Add Vary: Accept header when using Accept header for response

[st0012]

Problem description (quoted from @rafaelfranca's excellent explanation in rails/jquery-ujs#318 (comment)):

Let say that we requested /tasks/1 using Ajax, and the previous page has the same url. When we click the back button the browser tries to get the response from its cache and it gets the javascript response. With vary we "fix" this behavior because we are telling the browser that the url is the same but it is not from the same type what will skip the cache.

And there's a Rails issue discussing about this problem as well #25842

Also, according to RFC 7231 7.1.4

An origin server SHOULD send a Vary header field when its algorithm
for selecting a representation varies based on aspects of the request
message other than the method and request target

we should add Vary: Accept header when determining content based on the Accept header.

I think from the discussions in rails/jquery-ujs#318 and #25842, we can know that this problem is not well acknowledged by most users before they step on it. So it's not easy for users to foresee and prevent it. And adding Vary: Accept can prevent such issues from happen again.

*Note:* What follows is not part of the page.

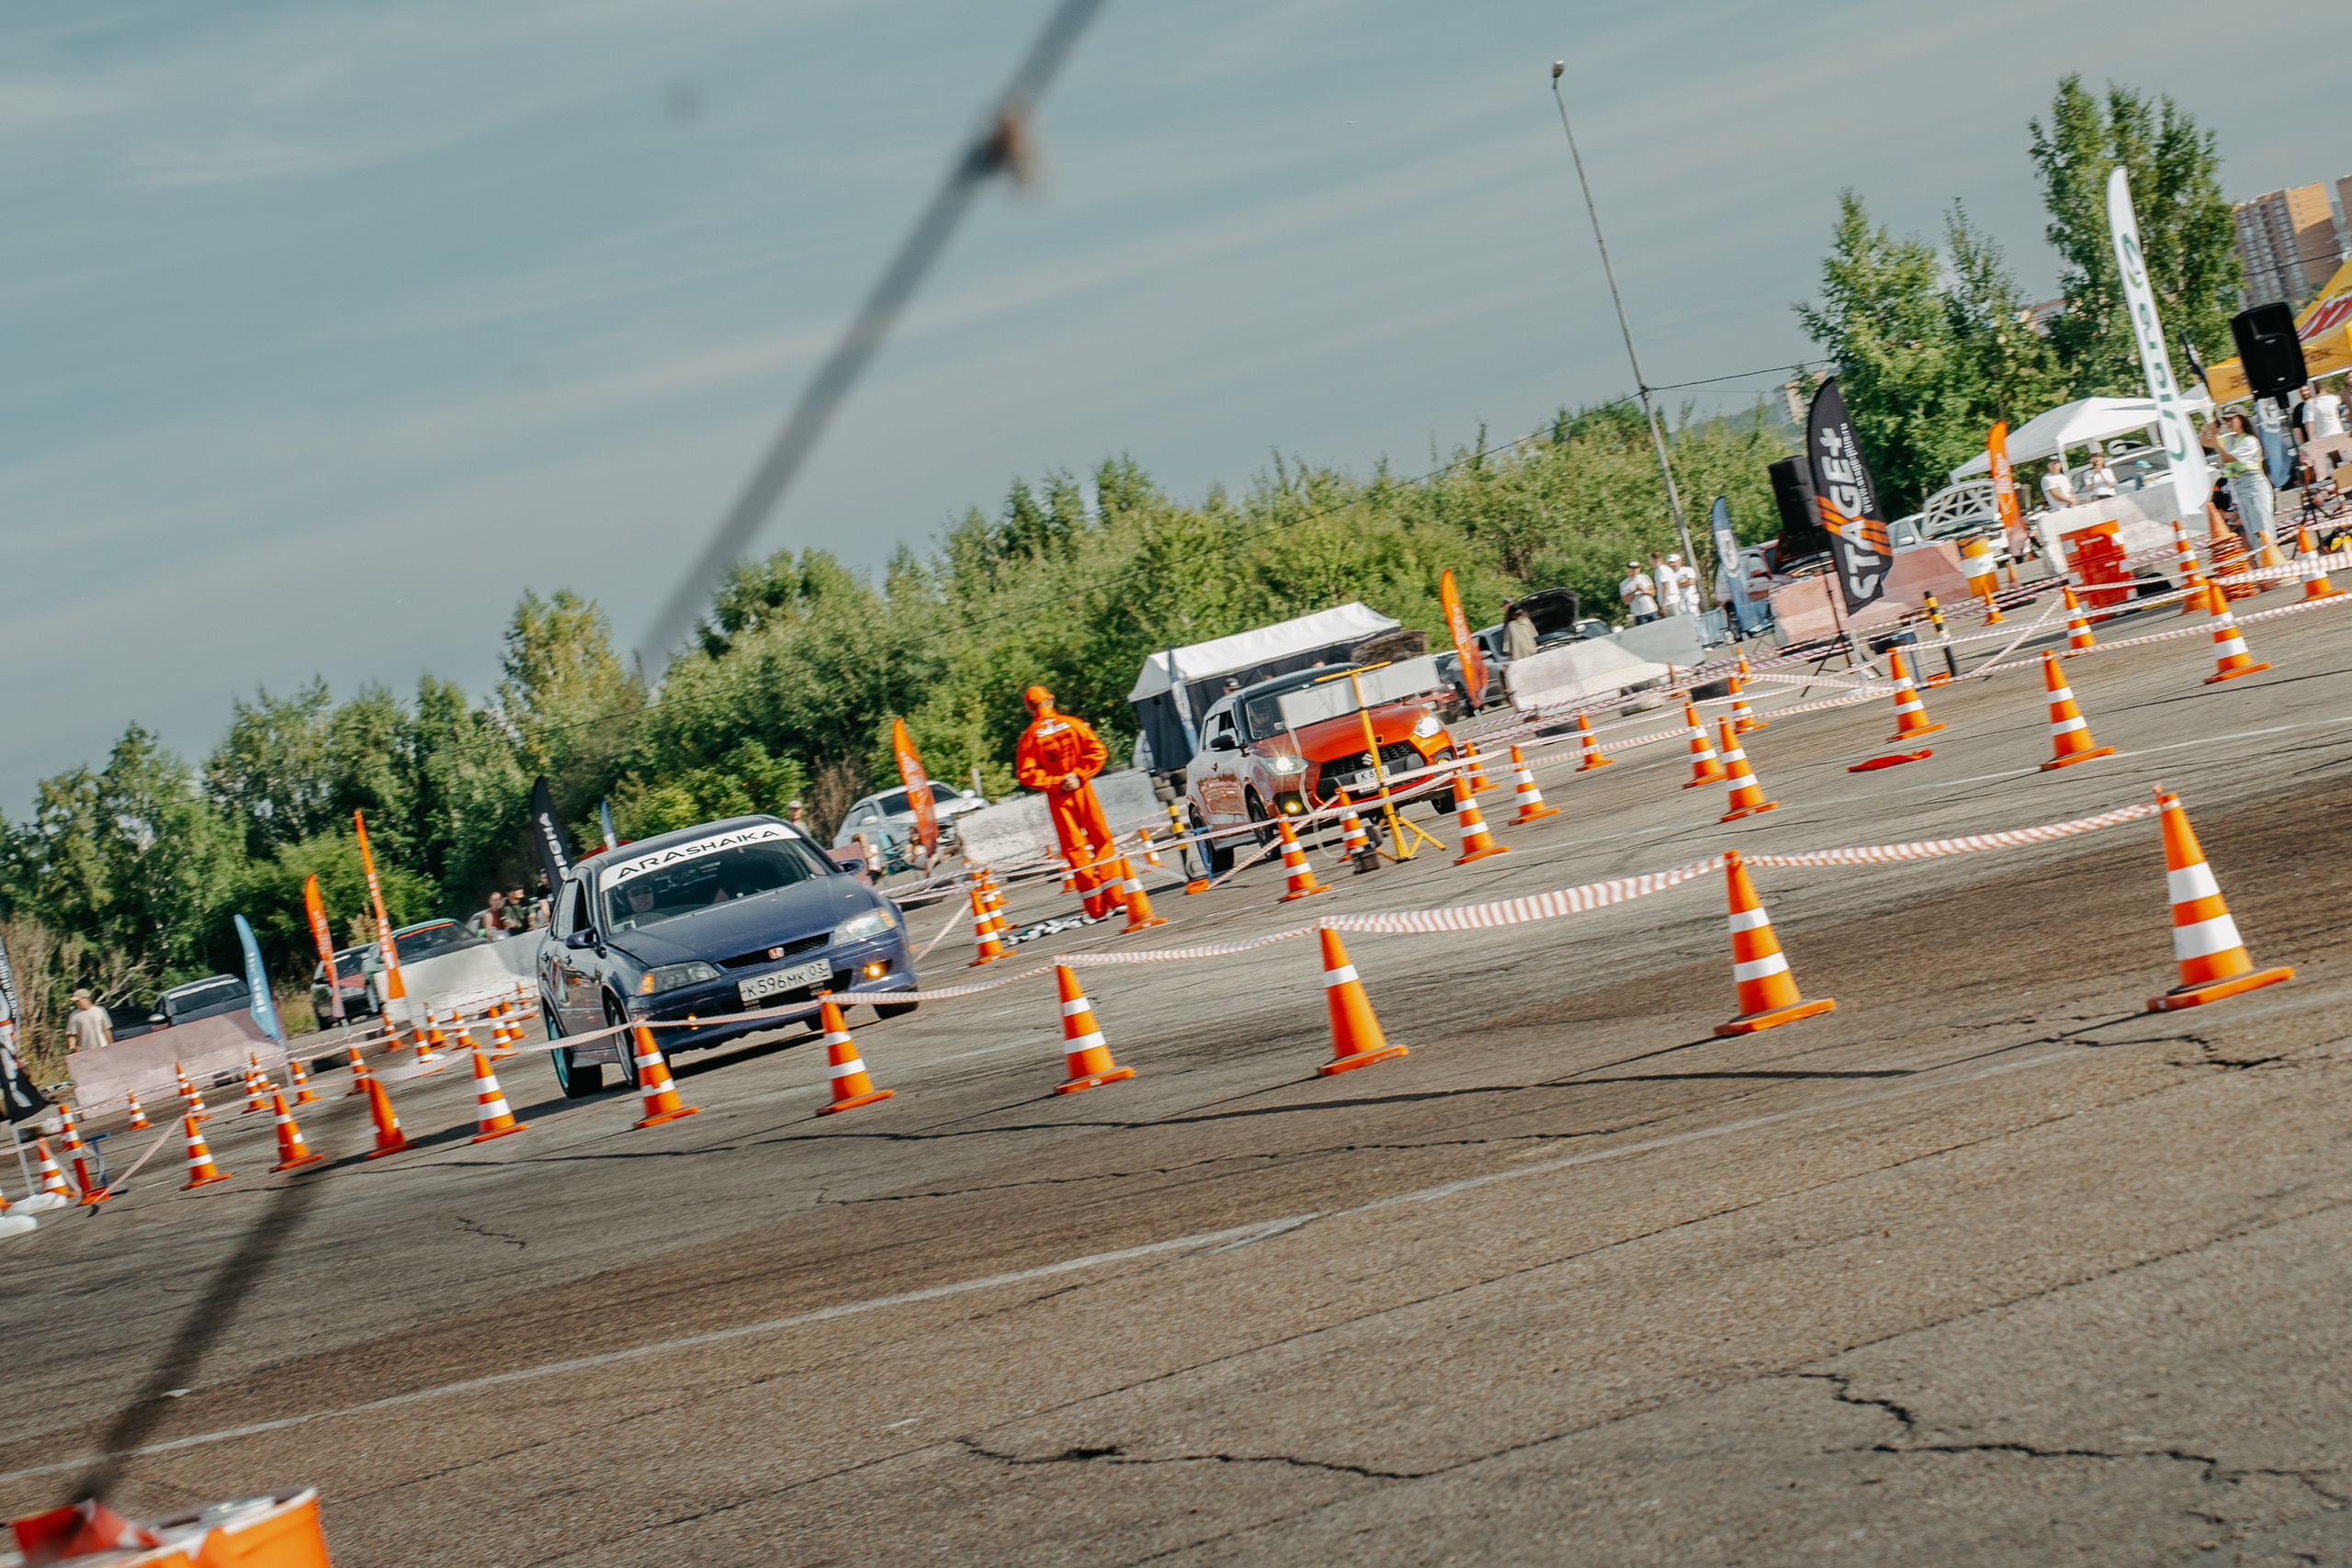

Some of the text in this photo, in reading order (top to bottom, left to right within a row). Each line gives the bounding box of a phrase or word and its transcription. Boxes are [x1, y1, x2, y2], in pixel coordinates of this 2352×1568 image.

I also know that adding such header by default could cause unnecessary cache invalidation. But this PR only adds the header if:

• The format param is not provided
• The request is a xhr request
• The request has accept headers and the headers are valid

So if the user

• sends request with explicit format, like /users/1.json
• or sends a normal request (non xhr)
• or doesn't specify accept headers

then the header won't be added.

[st0012]

@sikachu would you mind take a look at this?

[st0012]

@DanielHeath I've discussed this issue with some Rails maintainers few days ago and updated the description to explain the issue more clearly. But since I don't have this issue personally, can you explain how serious the problem is and how important the header would be?
Also, these issues are created years ago, do people still have same problem? And why can't they change their app's config to add this header theirselves if they have acknowledged the cause of the issue?

[DanielHeath]

So, the developer experience goes like this (can still reproduce it with latest rails, but it's been an issue since respond_to was added. I've had this issue, and helped multiple people debug it since.):

You create a new rails app, do some development, put it into production.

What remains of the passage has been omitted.